Segment Start: Given entries
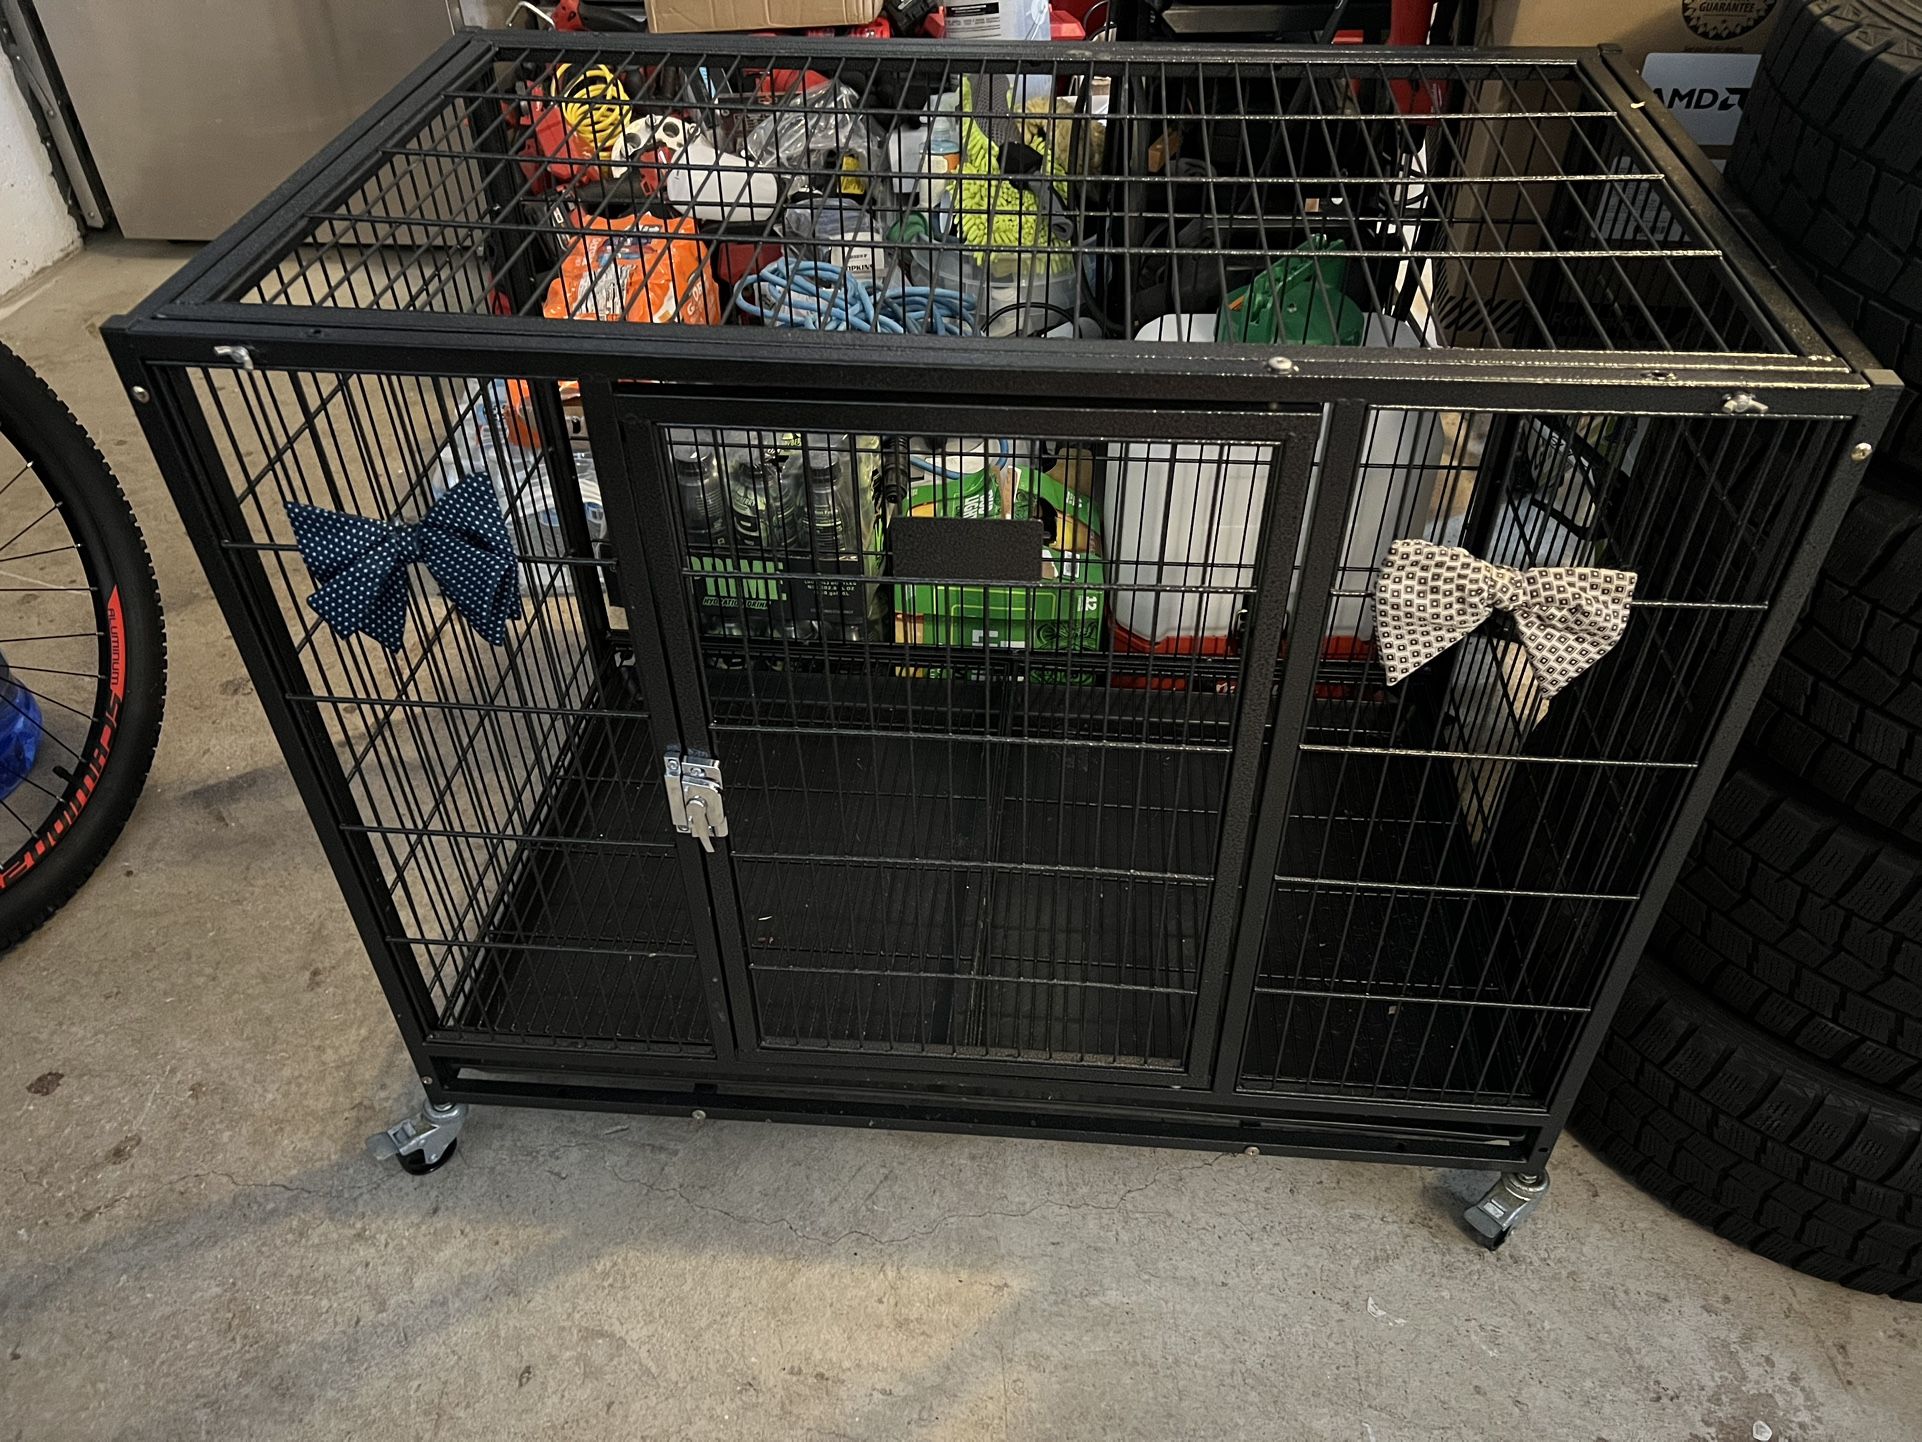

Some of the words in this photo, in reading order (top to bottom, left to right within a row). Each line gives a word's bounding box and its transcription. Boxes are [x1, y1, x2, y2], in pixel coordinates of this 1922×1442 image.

[1699, 1, 1754, 12] GUARANTEE
[1653, 87, 1719, 109] AMD
[1085, 595, 1098, 611] 12
[108, 608, 120, 685] ALUMINUM
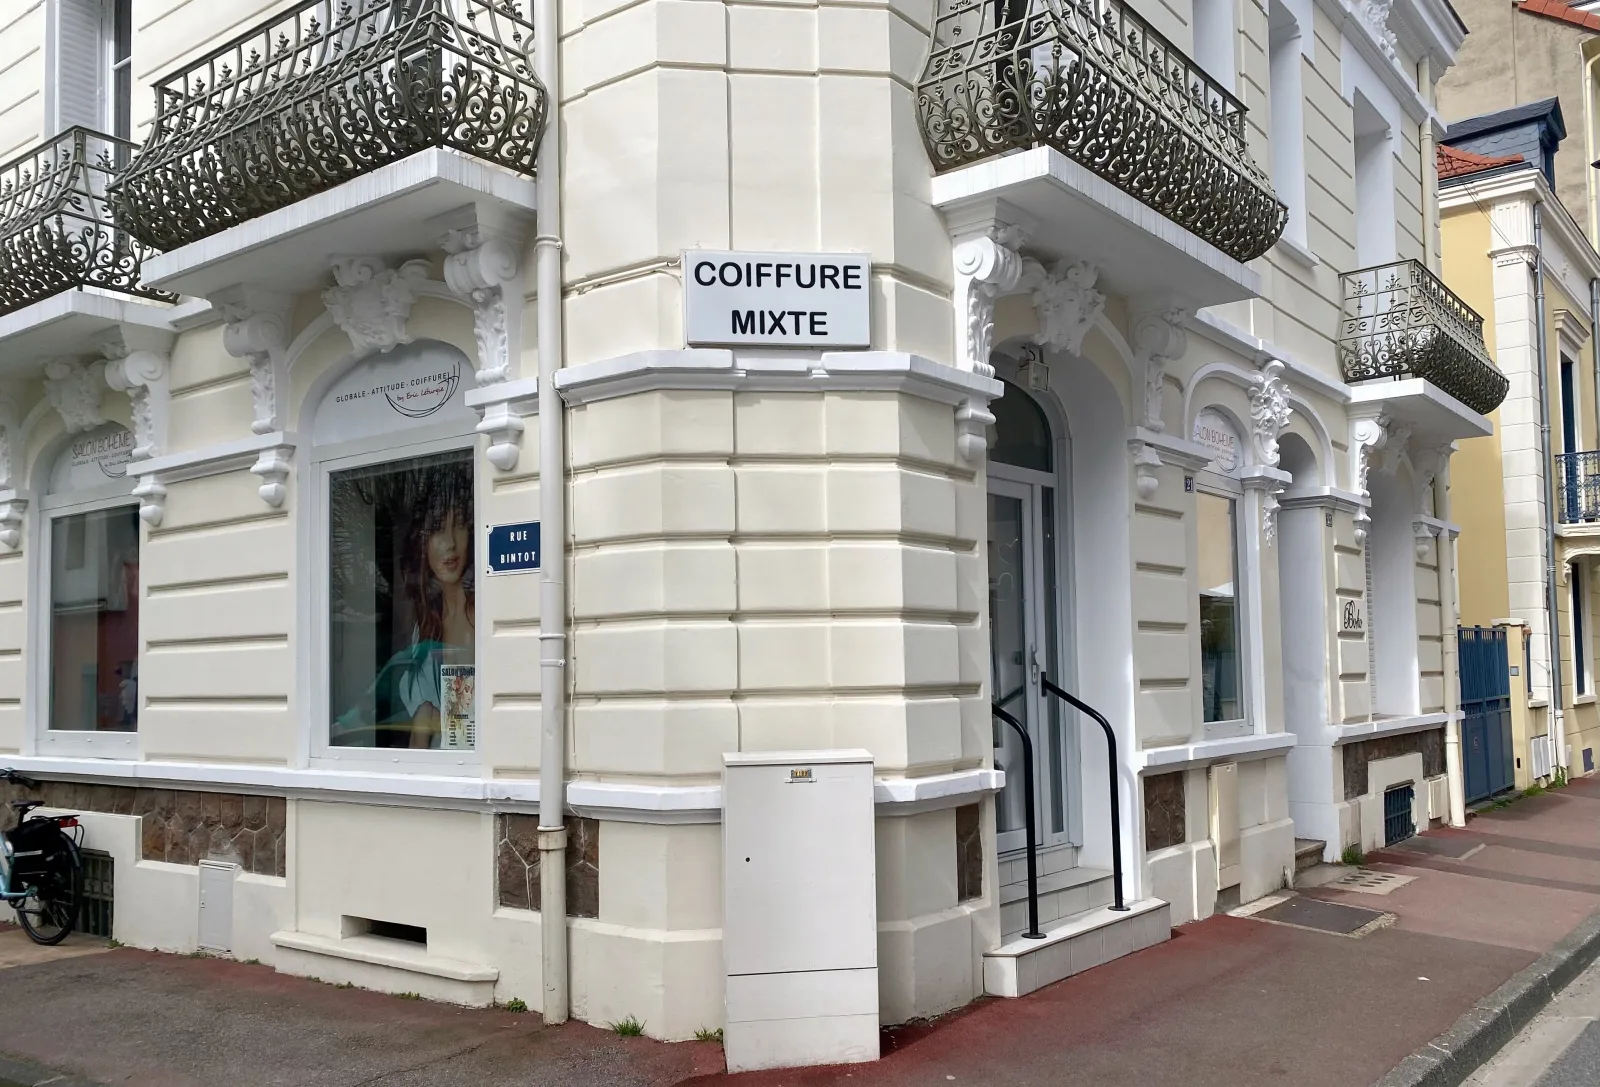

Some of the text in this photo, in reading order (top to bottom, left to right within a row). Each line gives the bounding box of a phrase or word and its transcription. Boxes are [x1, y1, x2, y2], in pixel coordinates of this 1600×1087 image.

[694, 261, 862, 290] COIFFURE
[731, 309, 828, 336] MIXTE
[335, 372, 448, 403] GLOBALE ATTITUDE COIFFURE
[406, 391, 420, 400] Eric
[72, 439, 97, 460] SALON
[1186, 478, 1193, 491] 21
[510, 531, 527, 541] RUE
[501, 552, 535, 563] BINTOT
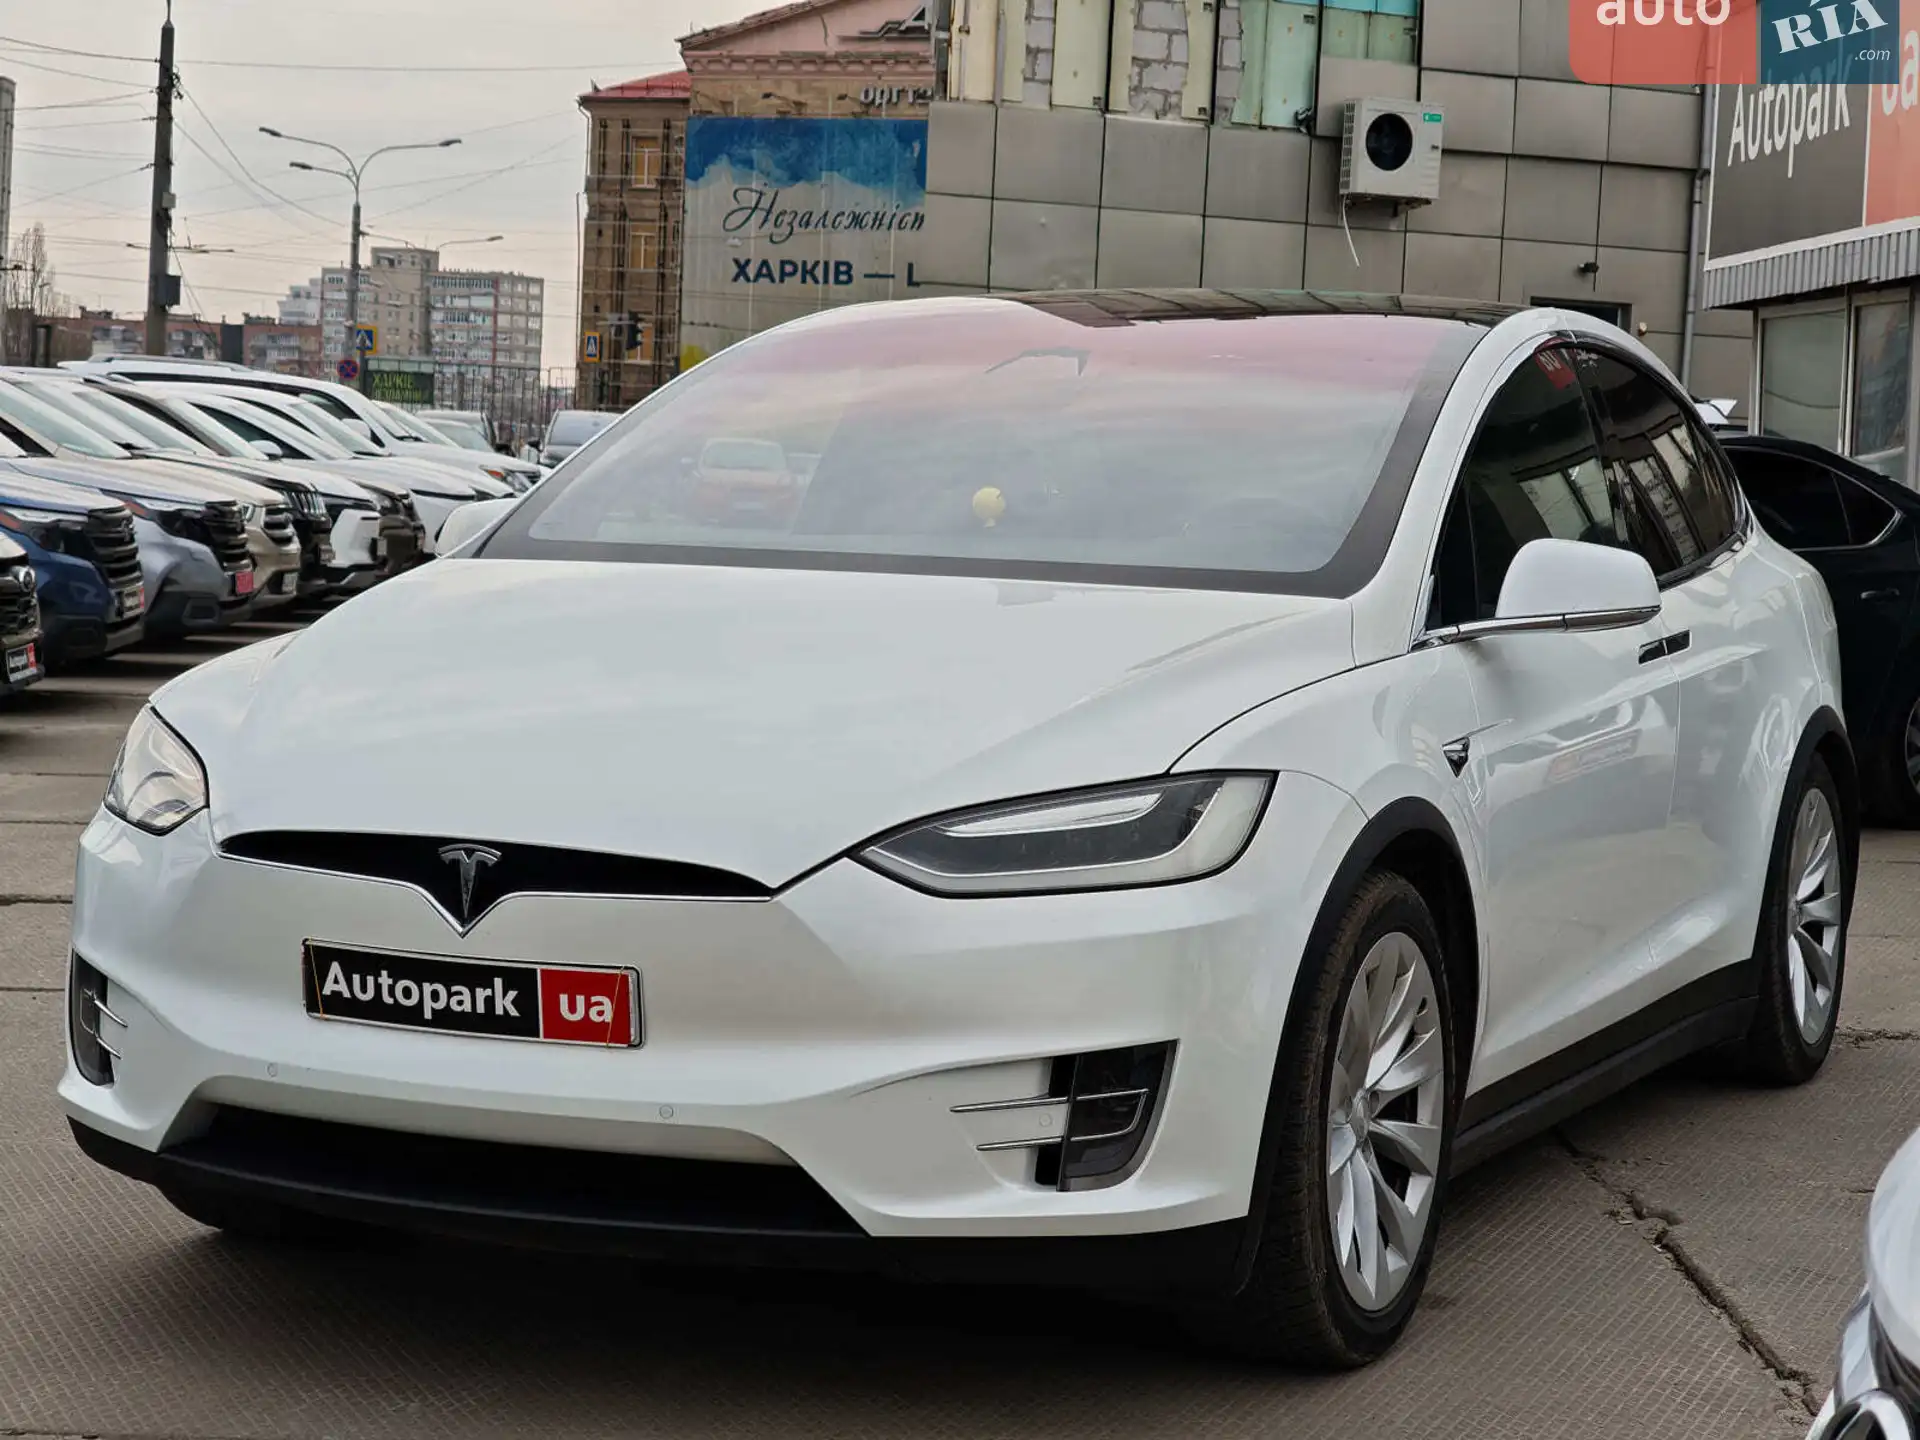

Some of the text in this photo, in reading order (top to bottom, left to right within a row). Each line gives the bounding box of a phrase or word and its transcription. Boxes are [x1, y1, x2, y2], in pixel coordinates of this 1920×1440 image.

[1727, 45, 1850, 178] Autopark
[731, 257, 854, 285] ХАРКІВ
[321, 961, 615, 1023] Autopark ua
Segment End: Given entries
### [Brief]
The pictures should be dropped, and every line above should be set down again exactly.

### [Answer area]
Some of the words in this photo, in reading order (top to bottom, left to right within a row). Each line gives a word's bounding box and its transcription. Boxes are [x1, y1, x2, y2], in pixel coordinates of this 1922×1442 image.

[1699, 1, 1754, 12] GUARANTEE
[1653, 87, 1719, 109] AMD
[1085, 595, 1098, 611] 12
[108, 608, 120, 685] ALUMINUM

Some of the text in this photo, in reading order (top to bottom, left to right within a row). Each line gives the bounding box of a phrase or word and its transcription. Boxes are [x1, y1, x2, y2], in pixel coordinates of this 1600×1087 image.

[694, 261, 862, 290] COIFFURE
[731, 309, 828, 336] MIXTE
[335, 372, 448, 403] GLOBALE ATTITUDE COIFFURE
[406, 391, 420, 400] Eric
[72, 439, 97, 460] SALON
[1186, 478, 1193, 491] 21
[510, 531, 527, 541] RUE
[501, 552, 535, 563] BINTOT

Some of the text in this photo, in reading order (top to bottom, left to right within a row). Each line gives the bounding box of a phrase or word and its transcription. Boxes are [x1, y1, x2, y2], in pixel coordinates of this 1920×1440 image.

[1727, 45, 1850, 178] Autopark
[731, 257, 854, 285] ХАРКІВ
[321, 961, 615, 1023] Autopark ua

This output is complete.